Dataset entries
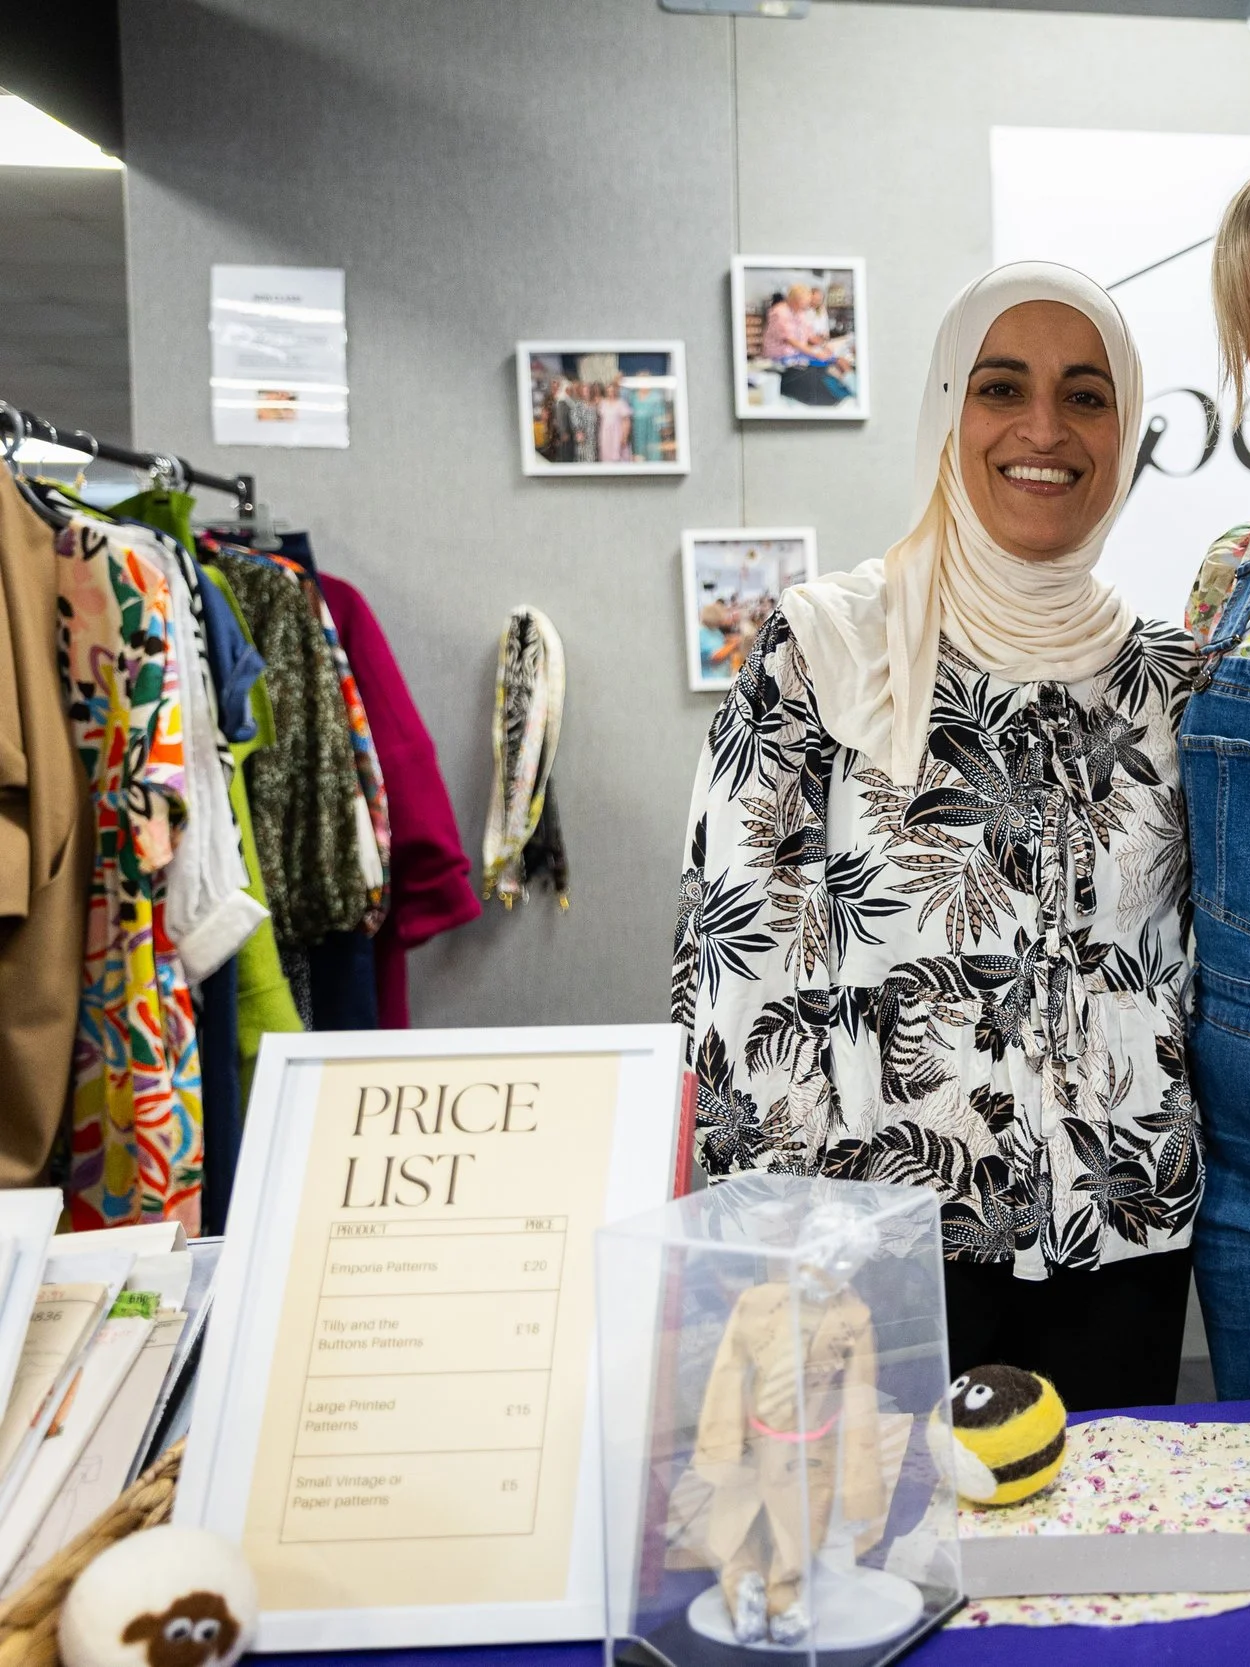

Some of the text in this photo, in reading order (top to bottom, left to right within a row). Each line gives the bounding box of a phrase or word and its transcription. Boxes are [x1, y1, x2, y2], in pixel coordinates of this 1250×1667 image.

[352, 1082, 540, 1136] PRICE
[340, 1153, 476, 1209] LIST
[336, 1219, 555, 1236] PRODUCT PRICE
[330, 1260, 548, 1276] Emporia Patterns £20
[322, 1318, 400, 1333] Tilly and the
[318, 1336, 424, 1351] Buttons Patterns
[308, 1399, 396, 1415] Large Printed
[304, 1420, 359, 1433] Patterns
[296, 1475, 332, 1489] Small
[336, 1474, 386, 1489] Vintage
[501, 1479, 518, 1492] £5
[292, 1494, 390, 1511] Paper patterns
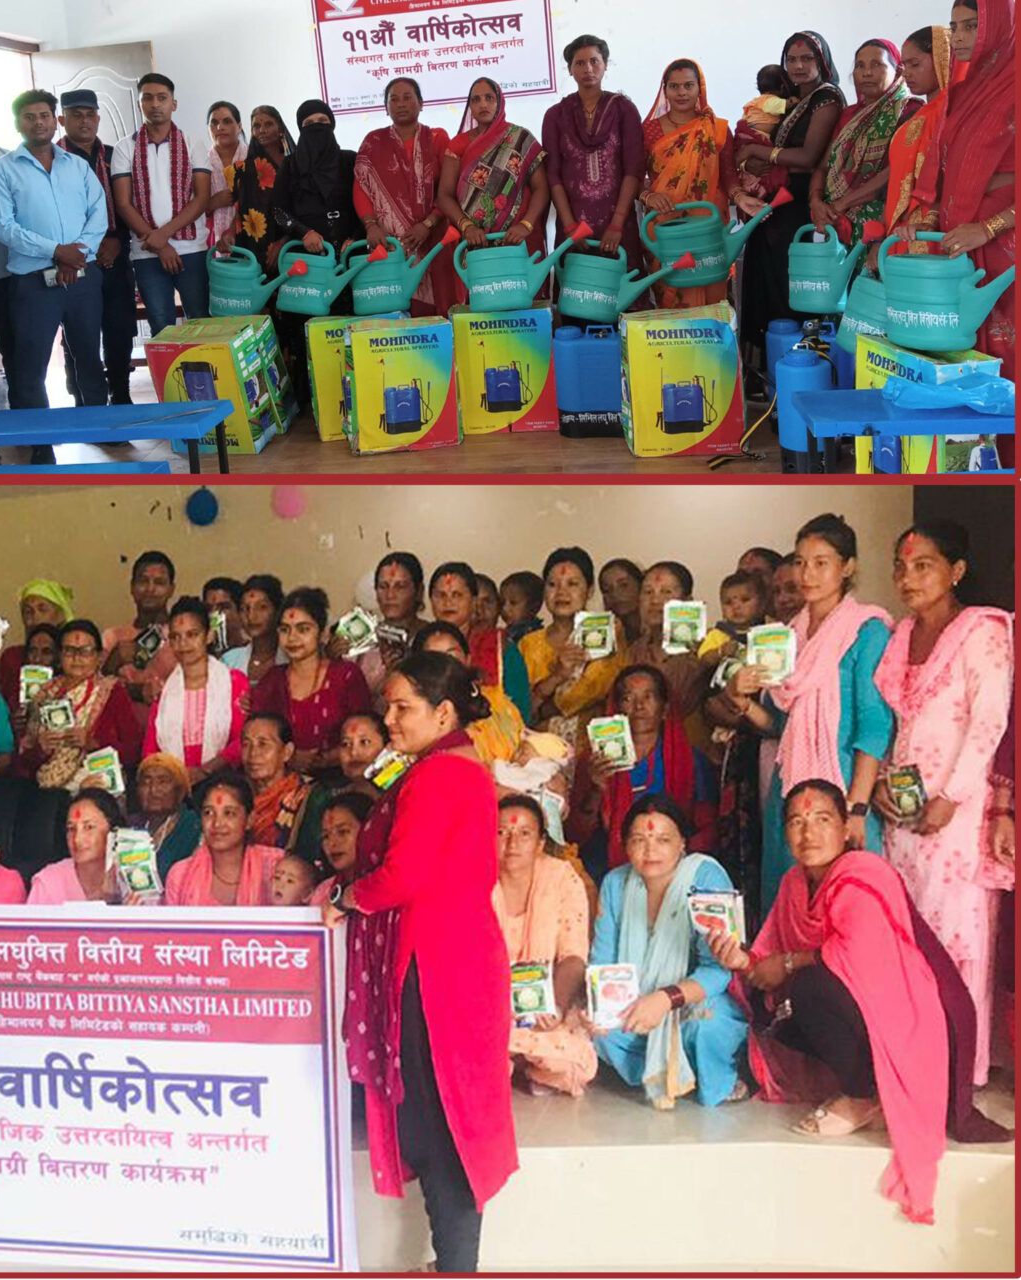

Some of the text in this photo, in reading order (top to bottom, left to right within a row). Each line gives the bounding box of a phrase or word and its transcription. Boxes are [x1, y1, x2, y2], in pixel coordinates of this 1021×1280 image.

[405, 13, 523, 43] वार्षिकोत्सव
[346, 37, 524, 65] संस्थागत सामाजिक उत्तरदायित्व अन्तर्गत
[394, 63, 423, 75] सामग्री
[469, 318, 537, 330] MOHINDRA
[646, 329, 723, 340] MOHINDRA
[369, 334, 439, 348] MOHINDRA
[77, 936, 143, 964] वित्तीय
[154, 940, 211, 967] संस्था
[222, 939, 311, 970] लिमिटेड
[77, 994, 145, 1016] BITTIYA
[148, 996, 230, 1017] SANSTHA
[231, 997, 313, 1019] LIMITED
[56, 1123, 174, 1148] उत्तरदायित्व
[187, 1128, 270, 1154] अन्तर्गत
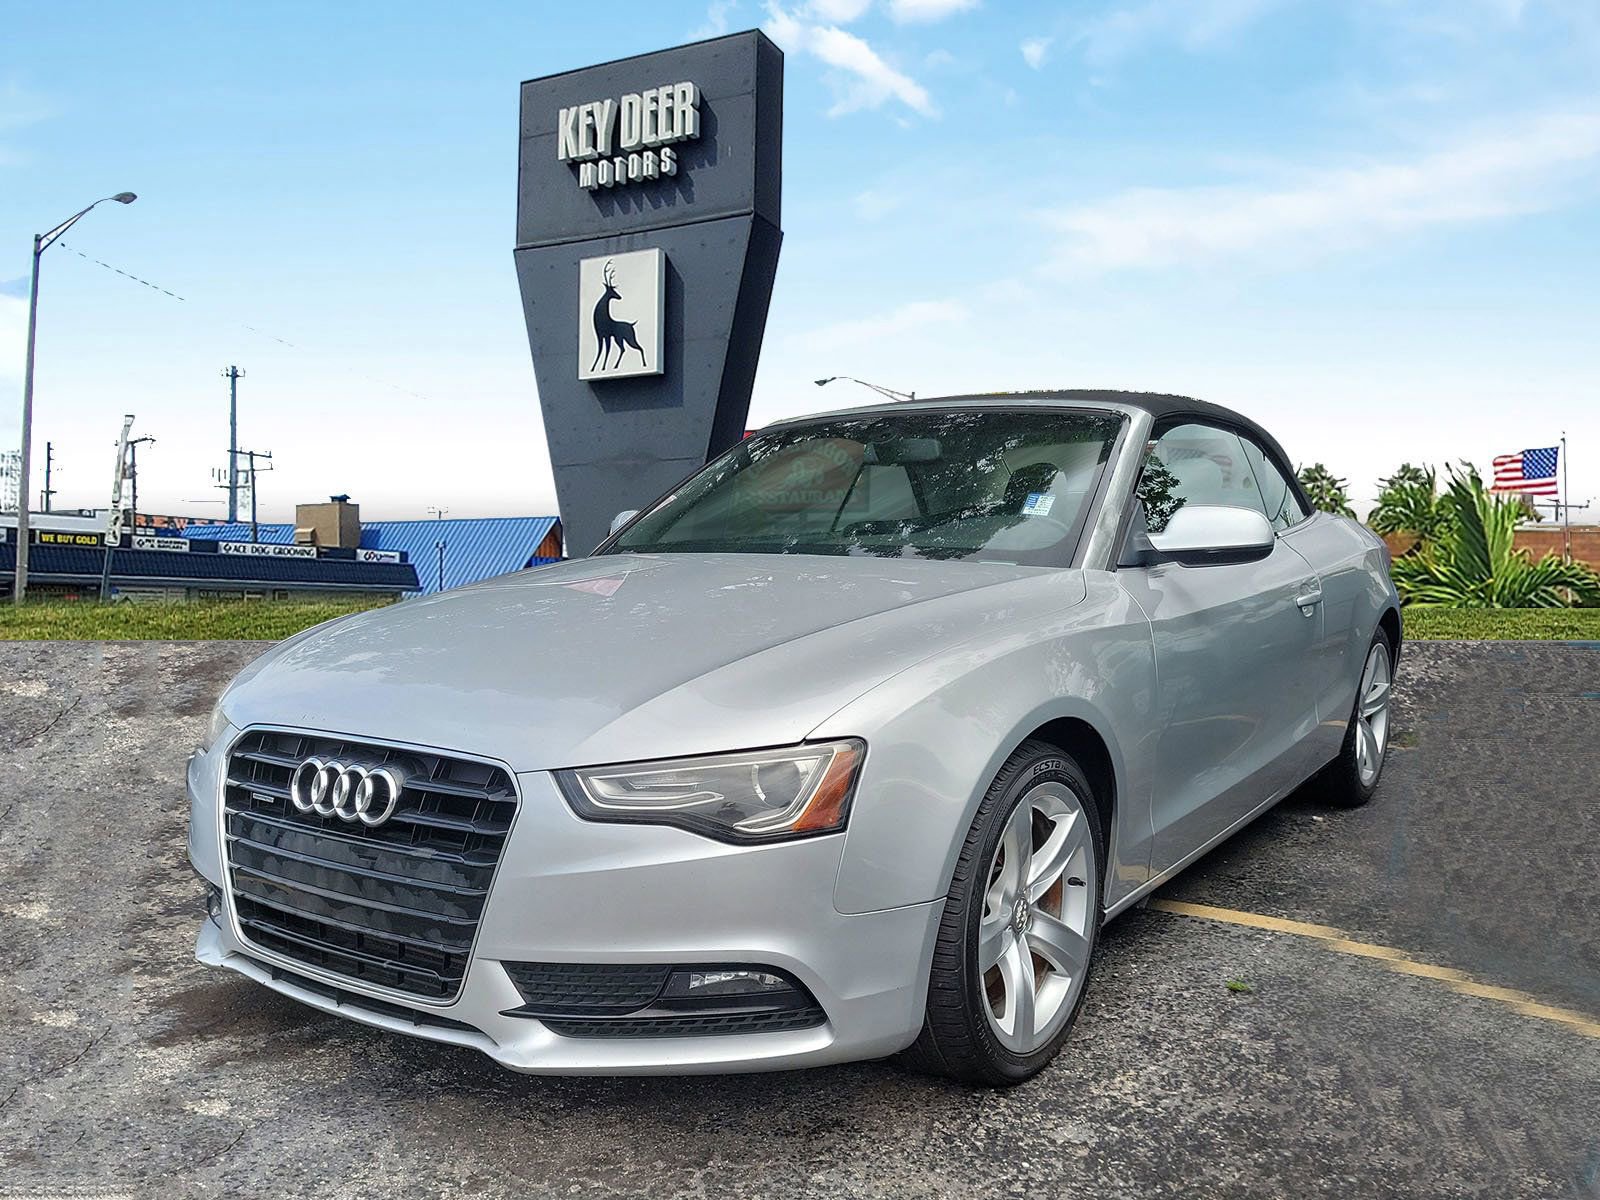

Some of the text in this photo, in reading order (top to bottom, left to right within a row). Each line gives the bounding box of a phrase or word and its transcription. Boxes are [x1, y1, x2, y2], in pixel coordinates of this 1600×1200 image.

(INSTRUCTIONS FOR THE TASK):
Please write every line above out exactly as given, except for any pictures.

(SOLUTION FOR THIS TASK):
Some of the text in this photo, in reading order (top to bottom, left to right within a row). Each line gives the bounding box of a phrase or word and its transcription. Boxes are [x1, y1, x2, y2], in pixel coordinates of this 1250×1667 image.

[352, 1082, 540, 1136] PRICE
[340, 1153, 476, 1209] LIST
[336, 1219, 555, 1236] PRODUCT PRICE
[330, 1260, 548, 1276] Emporia Patterns £20
[322, 1318, 400, 1333] Tilly and the
[318, 1336, 424, 1351] Buttons Patterns
[308, 1399, 396, 1415] Large Printed
[304, 1420, 359, 1433] Patterns
[296, 1475, 332, 1489] Small
[336, 1474, 386, 1489] Vintage
[501, 1479, 518, 1492] £5
[292, 1494, 390, 1511] Paper patterns

Some of the text in this photo, in reading order (top to bottom, left to right within a row). Each line gives the bounding box of a phrase or word and its transcription. Boxes are [x1, y1, x2, y2], in pixel coordinates of this 1021×1280 image.

[405, 13, 523, 43] वार्षिकोत्सव
[346, 37, 524, 65] संस्थागत सामाजिक उत्तरदायित्व अन्तर्गत
[394, 63, 423, 75] सामग्री
[469, 318, 537, 330] MOHINDRA
[646, 329, 723, 340] MOHINDRA
[369, 334, 439, 348] MOHINDRA
[77, 936, 143, 964] वित्तीय
[154, 940, 211, 967] संस्था
[222, 939, 311, 970] लिमिटेड
[77, 994, 145, 1016] BITTIYA
[148, 996, 230, 1017] SANSTHA
[231, 997, 313, 1019] LIMITED
[56, 1123, 174, 1148] उत्तरदायित्व
[187, 1128, 270, 1154] अन्तर्गत

Some of the text in this photo, in reading order (top to bottom, left to right within a row). Each line gives the bounding box of a phrase or word and its transcription. Boxes are [x1, y1, x2, y2], in pixel coordinates of this 1600×1200 image.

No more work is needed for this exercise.